Saturday, 19 February 2011

IBM's Watson Brain Similar to Human's - PCWorld

IBM's Watson Brain Similar to Human's

IBM's Watson supercomputer, which shellacked Jeopardy's top human champions during airings of the game show this week, is powered by 90 servers and a network-attacked storage (NAS) cluster with 21.6TB of data.

In the end, though, its brain only has 80% of the processing power of a human brain.

Tony Pearson, master inventor and senior consultant at IBM, explained that Watson only uses about 1TB to process real-time answers to Jeopardy questions after configuring its back end storage as RAID, and then culling that data further to be loaded into the clustered server system's memory.

Pearson cited the estimate of technology futurist and author Ray Kurzweil that the human brain can hold about 1.25TB of data, and performs at roughly 100 teraflops. In comparison, Watson is an 80-teraflop system with 1TB of memory.

"So it's 80% human," Pearson said. "Yes, we could have handled a lot more information. We could have put more memory in each server, but once we got the answers to three seconds, we didn't need to go further."

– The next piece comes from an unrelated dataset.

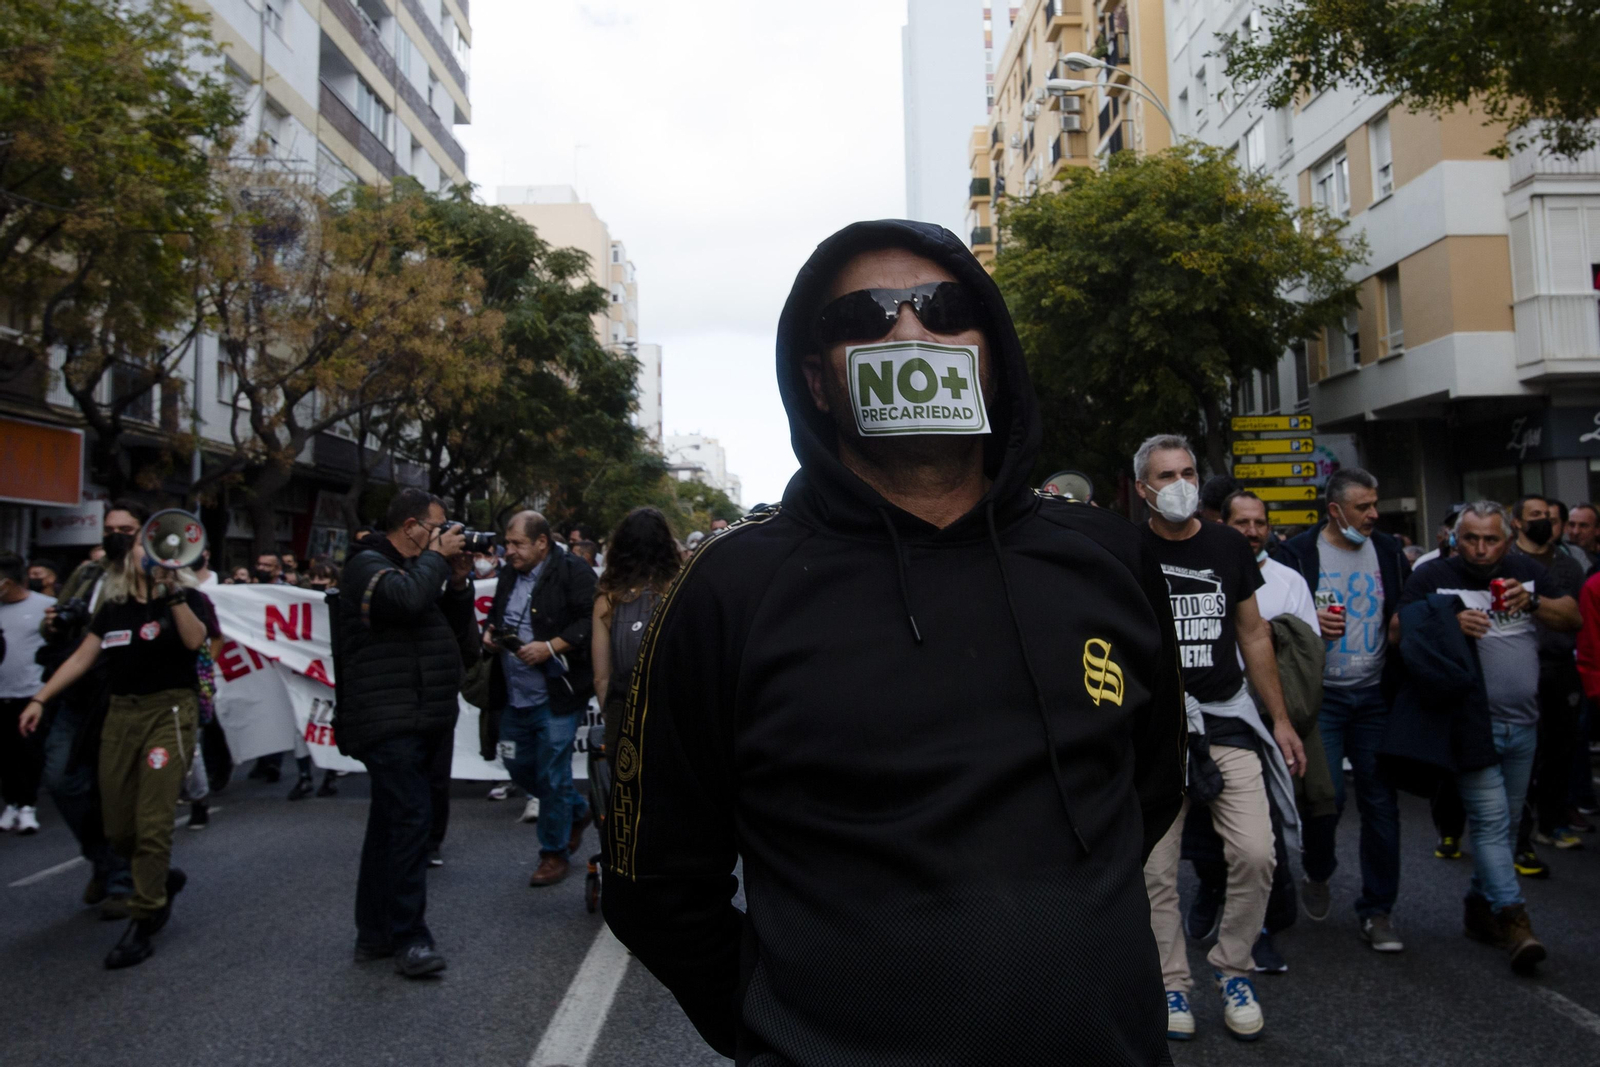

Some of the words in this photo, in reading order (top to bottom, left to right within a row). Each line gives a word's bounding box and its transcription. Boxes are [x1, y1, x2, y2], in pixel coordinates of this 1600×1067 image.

Pearson explained that reaching the three-second answer threshold was just a matter of simple mathematics.

The original algorithm singled threaded on a single core processor took two hours to scan memory and produce an answer. So the IBM technologists just divided two hours by 2,880 CPUs, which produced the ability to answer questions in three-seconds.

If IBM's Watson were just some other human Jeopardy contestant, viewers probably would have tuned out in the midst of such a landslide victory. Instead, interest in the man vs. machine battle gave the show its highest ratings in nearly six years.

Competition between humans and computers have long captured the public's imagination. Remember the 1996 chess match between IBM's Deep Blue computer and the reigning world champion Garry Kasparov?

In this case, though, Watson has more in common with humans than Deep Blue. Like us, he only uses a small percentage of his massive memory capacity to answer questions.

Behind Watson's simple scribble-faced monitor that he used as a Jeopardy contestant are 90 IBM Power 750 Express servers powered by 8-core processors -- four in each machine for a total of 32 processors per machine. The servers are virtualized using a Kernel-based Virtual Machine (KVM) implementation, creating a server cluster with a total processing capacity of 80 teraflops. A teraflop is one trillion operations per second.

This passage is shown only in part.